I'm still sitting with this book a day later. There was hope, anguish, despair, love, the whole gamut of emotions. I really loved how the author spoke through Little Wolf and Nancy to show how the actions of the government and the agencies to force the tribes off their land in the 1870s was still impacting their descendants and their families 100 years later. Their stories were intertwined and interconnected across the generations and the centuries, and I thought this was really well done. I did struggle with the inclusion of telling a part of the story from Custer's perspective. There's been so much told about him and his story, I really at first was not sure why the author included him as such a central story teller. I can't speak for the author, but after a day of thinking, I can see how including him was important to show the impact he had on the lives of all those then and now. While he died that day (this isn't a spoiler, this news is over a century old), he and his men played a central role in Little Wolf's development and story line.

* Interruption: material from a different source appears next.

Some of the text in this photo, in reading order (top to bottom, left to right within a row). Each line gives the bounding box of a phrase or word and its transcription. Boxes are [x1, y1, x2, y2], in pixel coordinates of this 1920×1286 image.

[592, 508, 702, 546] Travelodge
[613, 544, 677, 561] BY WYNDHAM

There are brief moments of happiness and warmth in this novel. There is power, and strength and resolve. There are moments that made my heart ache deep inside my chest where I had to go back after I finished the novel and re-read to make sure that how I read it was accurate (and to hopefully change the outcome that I read, let's be honest - reader it did not change). This story is so powerful and raw. I really recommend it. It's poignant and tells this widely known story and era from a different perspective. It's a perspective that Custer, his men, the government, would have wanted silenced. They would never have imagined a time when their Manifest Destiny would fail and the descendants of those they tried to eradicate or forcibly assimilate would be able to tell their stories. Again, I think this is a novel that more should read. My only critique was that I wished we had more from Nancy's perspective. I didn't do a 1:1:1 comparison, but it felt that the story very heavily leaned on Little Wolf and Custer, and then Nancy did not get woven in as much as I would have liked for how impactful her story line was on the repercussions of the lives lived so long ago. 5/5 really would recommend even with that critique.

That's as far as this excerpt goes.